Following the agreement both firms made during the height of the financial crisis, Morgan Stanley can exercise options to purchase the remaining 49 percent by a precise schedule: on May 31, 2012 it can purchase an additional 14 percent, May 31, 2012 it can purchase another 15 percent, and as of May 31, 2014, the company purchase the remaining interest from Citi. Under the terms of the deal, if the two firms’ valuations differ by more than 10 percent, a third-party appraiser must determine the value.
Morgan Stanley, who currently owns 51 percent of Wall Street’s largest brokerage, wants to buy an additional 14 percent of the company and therefore benefits if consultants valued the company lower. The financial service company has argued that the brokerage firm deserves a lower valuation because the value of the brokerage business as a whole has suffered due to the weak economy.

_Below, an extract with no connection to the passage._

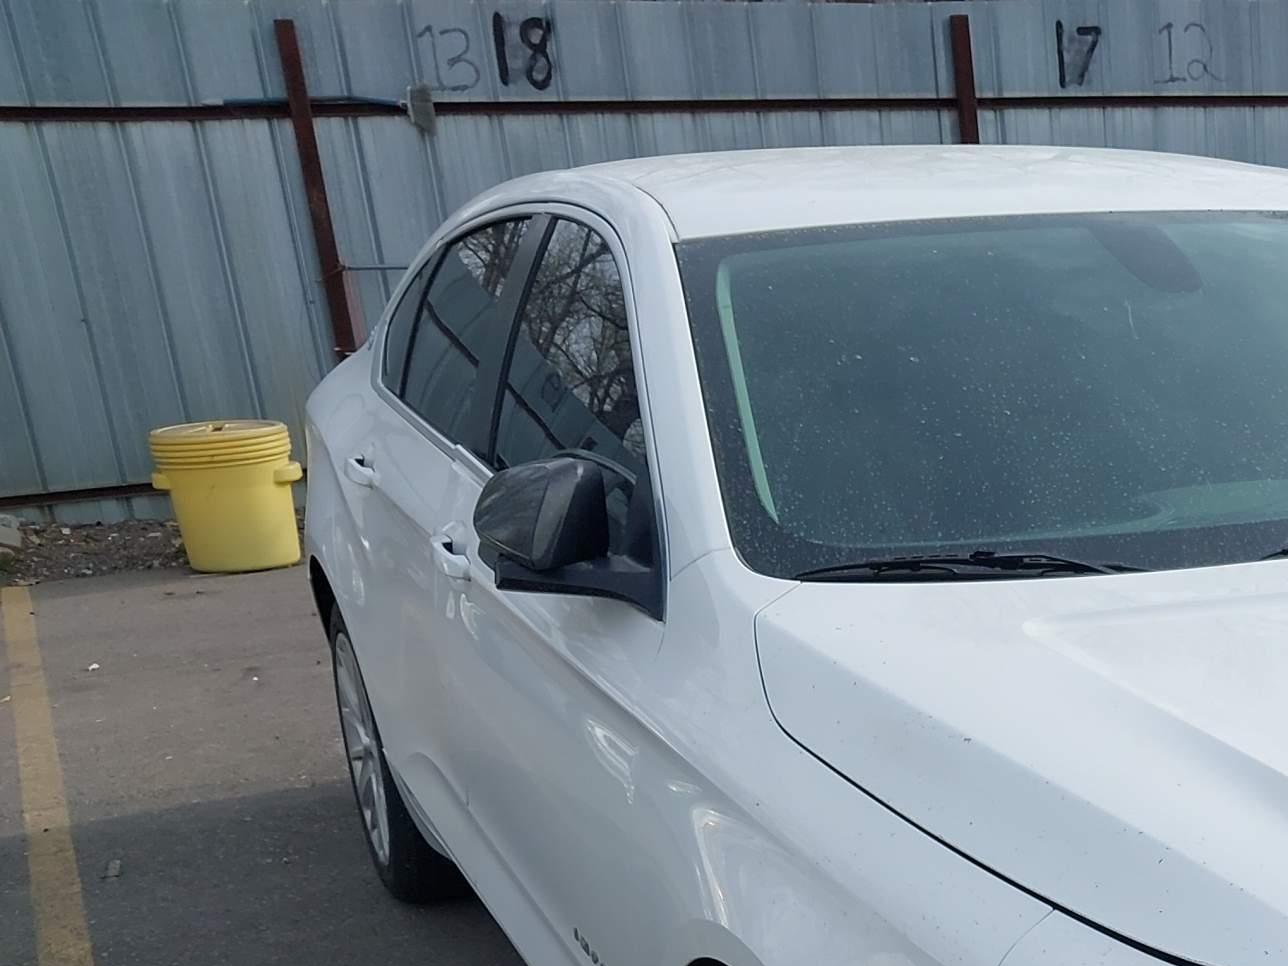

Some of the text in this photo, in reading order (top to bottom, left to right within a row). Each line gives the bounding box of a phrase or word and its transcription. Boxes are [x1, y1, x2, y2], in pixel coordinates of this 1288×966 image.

For Morgan Stanley CEO James Gorman, a lot is at stake. It was a tough year overall for Morgan Stanley as the company faced difficulties generating profit margins.
However for Citigroup, the sale would be just one step closer to separation from the division that was a part of Citi Global Wealth Management before its creation in 2009. Citi CEO Vikram Pandit has worked hard recently to sell Citi’s non-core assets, such as Smith Barney, in an effort to streamline the bank. But Pandit is not in such a big hurry that he would sell his stake at discount.

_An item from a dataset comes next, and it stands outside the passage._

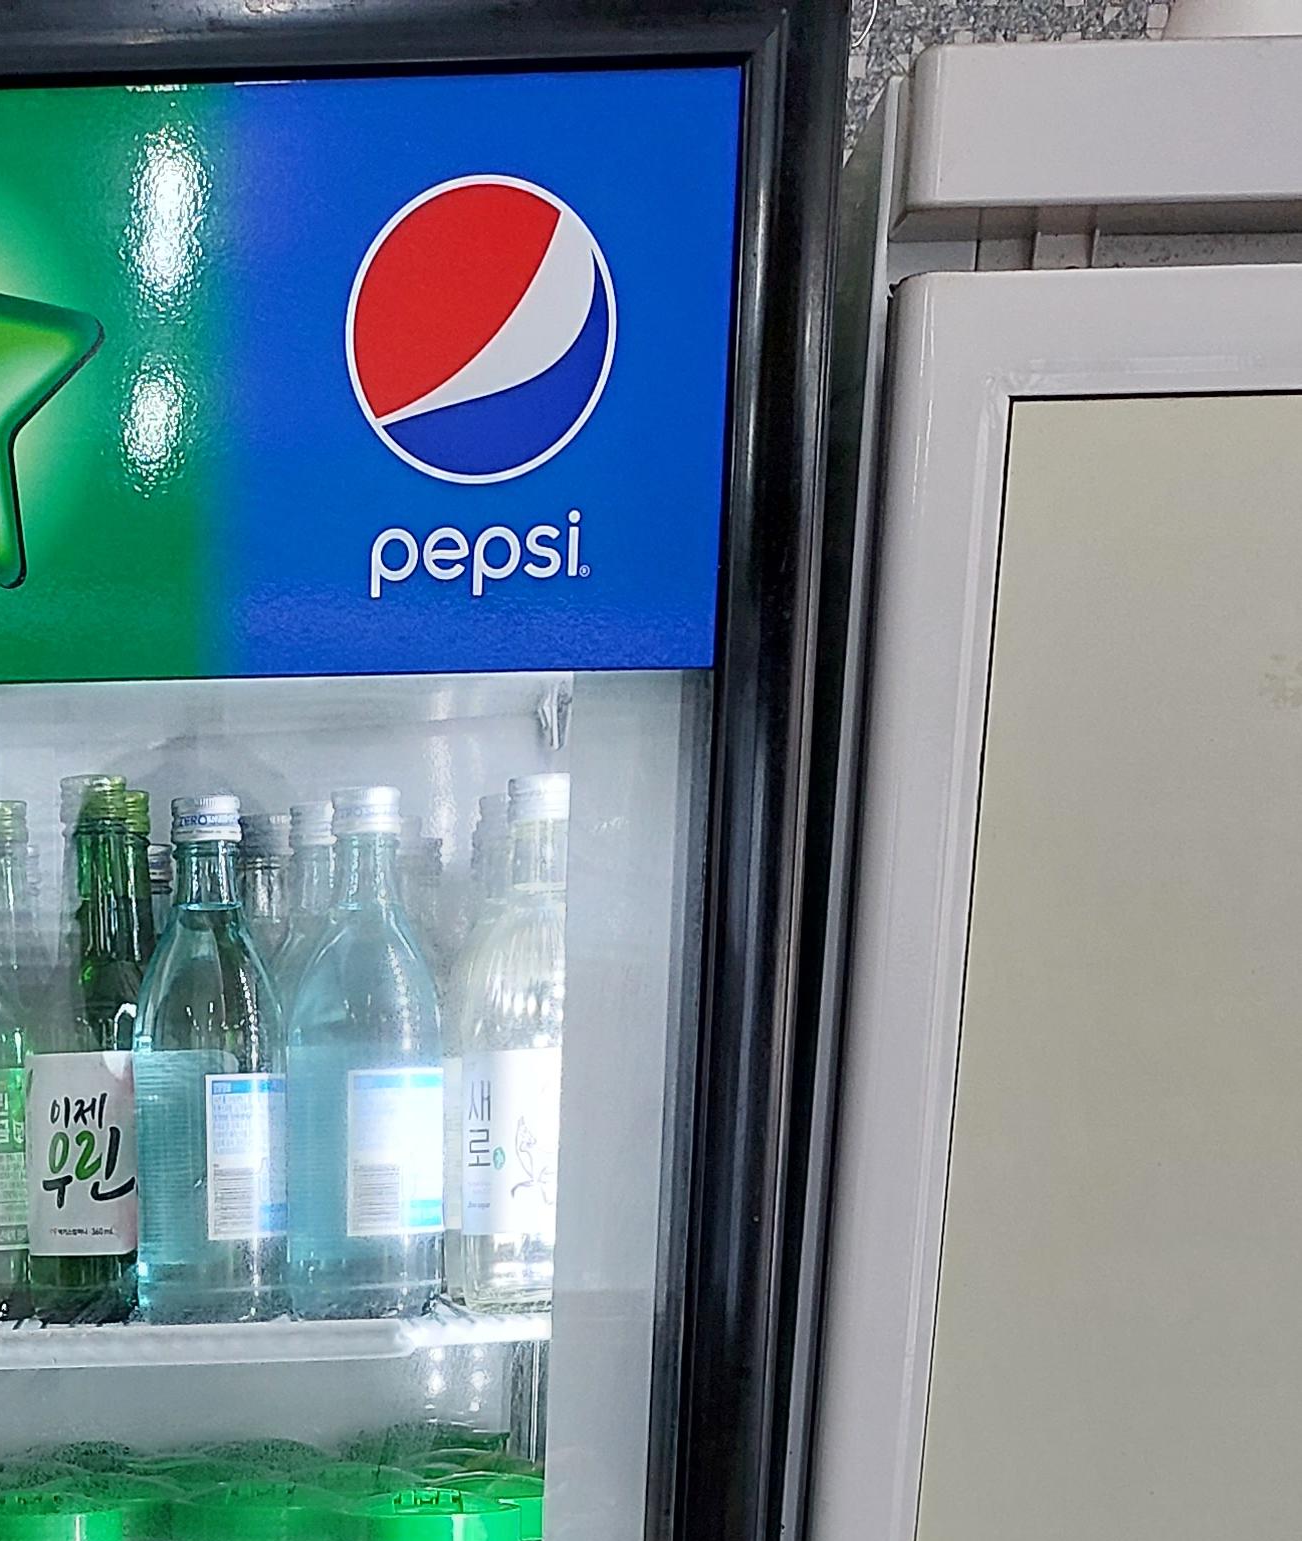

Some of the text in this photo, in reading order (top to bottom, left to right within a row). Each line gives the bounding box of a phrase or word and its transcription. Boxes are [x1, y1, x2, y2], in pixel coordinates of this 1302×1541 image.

The dispute in pricing between the two firms underscores the difficulties both parties had integrating themselves in the first place. Integration brought difficulties to the functioning of Smith Barney, which encompassed both low profit margins and the mass departure of its brokers. The firm lost six percent of its brokers in the second quarter of this year, including 55 veterans who managed more than $8.6 billion in assets, a figure that complicated the valuation of the company.
Last week, CLSA analyst Mike Mayo upgraded the firm from outperform to a buy, and said that he is “convinced that either management realizes more of the franchise value or investors will increasingly pressure management for improved results.”
Now that the value of Smith Barney has been determined, the task that lays before Gorman is making the 17,000 strong brokerage business work.